▶ [What needs to be done] The records below should be copied in full, exactly as shown.

++++ Input data ++++

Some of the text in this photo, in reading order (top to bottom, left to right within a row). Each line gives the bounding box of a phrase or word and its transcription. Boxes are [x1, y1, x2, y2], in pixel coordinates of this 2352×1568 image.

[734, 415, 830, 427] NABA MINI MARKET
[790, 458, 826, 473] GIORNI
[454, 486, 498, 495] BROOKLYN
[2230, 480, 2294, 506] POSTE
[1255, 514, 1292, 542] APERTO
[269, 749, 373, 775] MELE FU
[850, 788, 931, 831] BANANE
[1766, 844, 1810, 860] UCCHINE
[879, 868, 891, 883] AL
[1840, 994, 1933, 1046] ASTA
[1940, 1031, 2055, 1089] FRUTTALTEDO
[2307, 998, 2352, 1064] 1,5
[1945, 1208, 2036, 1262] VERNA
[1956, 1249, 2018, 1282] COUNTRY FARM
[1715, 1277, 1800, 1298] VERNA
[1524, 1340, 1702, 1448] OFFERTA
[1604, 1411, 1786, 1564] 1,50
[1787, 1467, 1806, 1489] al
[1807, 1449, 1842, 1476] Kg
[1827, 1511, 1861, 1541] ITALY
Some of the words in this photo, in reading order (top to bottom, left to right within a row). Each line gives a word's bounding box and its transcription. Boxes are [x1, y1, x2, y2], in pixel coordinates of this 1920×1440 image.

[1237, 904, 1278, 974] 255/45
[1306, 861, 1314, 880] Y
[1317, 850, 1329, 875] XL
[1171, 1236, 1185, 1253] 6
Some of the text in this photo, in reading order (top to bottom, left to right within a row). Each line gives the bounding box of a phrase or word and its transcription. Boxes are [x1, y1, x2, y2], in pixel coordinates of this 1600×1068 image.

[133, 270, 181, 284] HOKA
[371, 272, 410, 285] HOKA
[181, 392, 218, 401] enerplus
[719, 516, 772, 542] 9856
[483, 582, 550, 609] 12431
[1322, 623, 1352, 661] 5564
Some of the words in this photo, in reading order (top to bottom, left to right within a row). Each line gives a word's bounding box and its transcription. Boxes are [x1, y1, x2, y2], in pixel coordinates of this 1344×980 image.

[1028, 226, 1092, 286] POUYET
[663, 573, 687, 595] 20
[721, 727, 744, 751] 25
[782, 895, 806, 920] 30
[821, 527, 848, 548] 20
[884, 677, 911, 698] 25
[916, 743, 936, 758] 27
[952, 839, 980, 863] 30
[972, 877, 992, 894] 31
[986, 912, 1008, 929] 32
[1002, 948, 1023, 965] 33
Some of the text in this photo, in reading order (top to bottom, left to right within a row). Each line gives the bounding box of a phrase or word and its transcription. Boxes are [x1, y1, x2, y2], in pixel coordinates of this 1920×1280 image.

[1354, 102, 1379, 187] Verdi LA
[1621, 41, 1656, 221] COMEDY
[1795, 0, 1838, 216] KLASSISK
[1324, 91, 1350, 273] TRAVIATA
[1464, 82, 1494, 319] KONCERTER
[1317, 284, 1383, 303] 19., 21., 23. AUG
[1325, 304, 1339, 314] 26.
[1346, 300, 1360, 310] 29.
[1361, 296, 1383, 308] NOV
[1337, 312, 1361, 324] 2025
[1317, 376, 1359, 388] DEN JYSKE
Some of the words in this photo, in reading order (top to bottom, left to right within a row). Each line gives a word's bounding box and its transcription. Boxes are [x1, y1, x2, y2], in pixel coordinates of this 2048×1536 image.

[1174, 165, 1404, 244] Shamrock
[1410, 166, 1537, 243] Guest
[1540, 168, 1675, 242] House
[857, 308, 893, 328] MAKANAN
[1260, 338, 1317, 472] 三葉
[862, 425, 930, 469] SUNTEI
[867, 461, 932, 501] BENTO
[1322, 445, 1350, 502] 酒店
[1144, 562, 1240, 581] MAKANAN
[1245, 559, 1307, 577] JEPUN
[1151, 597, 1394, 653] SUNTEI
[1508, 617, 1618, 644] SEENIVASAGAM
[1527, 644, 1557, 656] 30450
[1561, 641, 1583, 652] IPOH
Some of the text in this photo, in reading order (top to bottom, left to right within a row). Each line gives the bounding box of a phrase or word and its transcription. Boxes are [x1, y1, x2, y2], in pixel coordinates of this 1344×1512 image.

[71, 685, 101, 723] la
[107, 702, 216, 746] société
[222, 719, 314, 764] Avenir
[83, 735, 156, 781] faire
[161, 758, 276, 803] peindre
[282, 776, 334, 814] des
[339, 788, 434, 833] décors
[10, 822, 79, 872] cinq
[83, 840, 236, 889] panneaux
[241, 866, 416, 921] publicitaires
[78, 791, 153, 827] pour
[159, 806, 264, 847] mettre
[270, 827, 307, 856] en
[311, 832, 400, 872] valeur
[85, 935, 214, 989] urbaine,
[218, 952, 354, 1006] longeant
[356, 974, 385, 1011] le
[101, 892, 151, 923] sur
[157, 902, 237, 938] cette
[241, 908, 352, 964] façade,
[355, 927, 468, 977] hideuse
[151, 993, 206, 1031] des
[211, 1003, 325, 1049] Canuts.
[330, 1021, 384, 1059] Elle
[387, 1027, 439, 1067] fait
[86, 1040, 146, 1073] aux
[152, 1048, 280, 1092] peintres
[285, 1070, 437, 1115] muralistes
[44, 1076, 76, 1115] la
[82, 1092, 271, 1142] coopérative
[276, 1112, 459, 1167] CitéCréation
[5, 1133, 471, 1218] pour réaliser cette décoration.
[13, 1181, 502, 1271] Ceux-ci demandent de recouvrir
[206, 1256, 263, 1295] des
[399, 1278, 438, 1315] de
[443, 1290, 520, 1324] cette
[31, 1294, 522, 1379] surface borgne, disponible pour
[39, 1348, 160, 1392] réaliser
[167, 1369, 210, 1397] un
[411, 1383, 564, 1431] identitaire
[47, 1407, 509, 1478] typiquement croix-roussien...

++++

▶ [Output]
Some of the text in this photo, in reading order (top to bottom, left to right within a row). Each line gives the bounding box of a phrase or word and its transcription. Boxes are [x1, y1, x2, y2], in pixel coordinates of this 2352×1568 image.

[734, 415, 830, 427] NABA MINI MARKET
[790, 458, 826, 473] GIORNI
[454, 486, 498, 495] BROOKLYN
[2230, 480, 2294, 506] POSTE
[1255, 514, 1292, 542] APERTO
[269, 749, 373, 775] MELE FU
[850, 788, 931, 831] BANANE
[1766, 844, 1810, 860] UCCHINE
[879, 868, 891, 883] AL
[1840, 994, 1933, 1046] ASTA
[1940, 1031, 2055, 1089] FRUTTALTEDO
[2307, 998, 2352, 1064] 1,5
[1945, 1208, 2036, 1262] VERNA
[1956, 1249, 2018, 1282] COUNTRY FARM
[1715, 1277, 1800, 1298] VERNA
[1524, 1340, 1702, 1448] OFFERTA
[1604, 1411, 1786, 1564] 1,50
[1787, 1467, 1806, 1489] al
[1807, 1449, 1842, 1476] Kg
[1827, 1511, 1861, 1541] ITALY
Some of the words in this photo, in reading order (top to bottom, left to right within a row). Each line gives a word's bounding box and its transcription. Boxes are [x1, y1, x2, y2], in pixel coordinates of this 1920×1440 image.

[1237, 904, 1278, 974] 255/45
[1306, 861, 1314, 880] Y
[1317, 850, 1329, 875] XL
[1171, 1236, 1185, 1253] 6
Some of the text in this photo, in reading order (top to bottom, left to right within a row). Each line gives the bounding box of a phrase or word and its transcription. Boxes are [x1, y1, x2, y2], in pixel coordinates of this 1600×1068 image.

[133, 270, 181, 284] HOKA
[371, 272, 410, 285] HOKA
[181, 392, 218, 401] enerplus
[719, 516, 772, 542] 9856
[483, 582, 550, 609] 12431
[1322, 623, 1352, 661] 5564
Some of the words in this photo, in reading order (top to bottom, left to right within a row). Each line gives a word's bounding box and its transcription. Boxes are [x1, y1, x2, y2], in pixel coordinates of this 1344×980 image.

[1028, 226, 1092, 286] POUYET
[663, 573, 687, 595] 20
[721, 727, 744, 751] 25
[782, 895, 806, 920] 30
[821, 527, 848, 548] 20
[884, 677, 911, 698] 25
[916, 743, 936, 758] 27
[952, 839, 980, 863] 30
[972, 877, 992, 894] 31
[986, 912, 1008, 929] 32
[1002, 948, 1023, 965] 33
Some of the text in this photo, in reading order (top to bottom, left to right within a row). Each line gives the bounding box of a phrase or word and its transcription. Boxes are [x1, y1, x2, y2], in pixel coordinates of this 1920×1280 image.

[1354, 102, 1379, 187] Verdi LA
[1621, 41, 1656, 221] COMEDY
[1795, 0, 1838, 216] KLASSISK
[1324, 91, 1350, 273] TRAVIATA
[1464, 82, 1494, 319] KONCERTER
[1317, 284, 1383, 303] 19., 21., 23. AUG
[1325, 304, 1339, 314] 26.
[1346, 300, 1360, 310] 29.
[1361, 296, 1383, 308] NOV
[1337, 312, 1361, 324] 2025
[1317, 376, 1359, 388] DEN JYSKE
Some of the words in this photo, in reading order (top to bottom, left to right within a row). Each line gives a word's bounding box and its transcription. Boxes are [x1, y1, x2, y2], in pixel coordinates of this 2048×1536 image.

[1174, 165, 1404, 244] Shamrock
[1410, 166, 1537, 243] Guest
[1540, 168, 1675, 242] House
[857, 308, 893, 328] MAKANAN
[1260, 338, 1317, 472] 三葉
[862, 425, 930, 469] SUNTEI
[867, 461, 932, 501] BENTO
[1322, 445, 1350, 502] 酒店
[1144, 562, 1240, 581] MAKANAN
[1245, 559, 1307, 577] JEPUN
[1151, 597, 1394, 653] SUNTEI
[1508, 617, 1618, 644] SEENIVASAGAM
[1527, 644, 1557, 656] 30450
[1561, 641, 1583, 652] IPOH
Some of the text in this photo, in reading order (top to bottom, left to right within a row). Each line gives the bounding box of a phrase or word and its transcription. Boxes are [x1, y1, x2, y2], in pixel coordinates of this 1344×1512 image.

[71, 685, 101, 723] la
[107, 702, 216, 746] société
[222, 719, 314, 764] Avenir
[83, 735, 156, 781] faire
[161, 758, 276, 803] peindre
[282, 776, 334, 814] des
[339, 788, 434, 833] décors
[10, 822, 79, 872] cinq
[83, 840, 236, 889] panneaux
[241, 866, 416, 921] publicitaires
[78, 791, 153, 827] pour
[159, 806, 264, 847] mettre
[270, 827, 307, 856] en
[311, 832, 400, 872] valeur
[85, 935, 214, 989] urbaine,
[218, 952, 354, 1006] longeant
[356, 974, 385, 1011] le
[101, 892, 151, 923] sur
[157, 902, 237, 938] cette
[241, 908, 352, 964] façade,
[355, 927, 468, 977] hideuse
[151, 993, 206, 1031] des
[211, 1003, 325, 1049] Canuts.
[330, 1021, 384, 1059] Elle
[387, 1027, 439, 1067] fait
[86, 1040, 146, 1073] aux
[152, 1048, 280, 1092] peintres
[285, 1070, 437, 1115] muralistes
[44, 1076, 76, 1115] la
[82, 1092, 271, 1142] coopérative
[276, 1112, 459, 1167] CitéCréation
[5, 1133, 471, 1218] pour réaliser cette décoration.
[13, 1181, 502, 1271] Ceux-ci demandent de recouvrir
[206, 1256, 263, 1295] des
[399, 1278, 438, 1315] de
[443, 1290, 520, 1324] cette
[31, 1294, 522, 1379] surface borgne, disponible pour
[39, 1348, 160, 1392] réaliser
[167, 1369, 210, 1397] un
[411, 1383, 564, 1431] identitaire
[47, 1407, 509, 1478] typiquement croix-roussien...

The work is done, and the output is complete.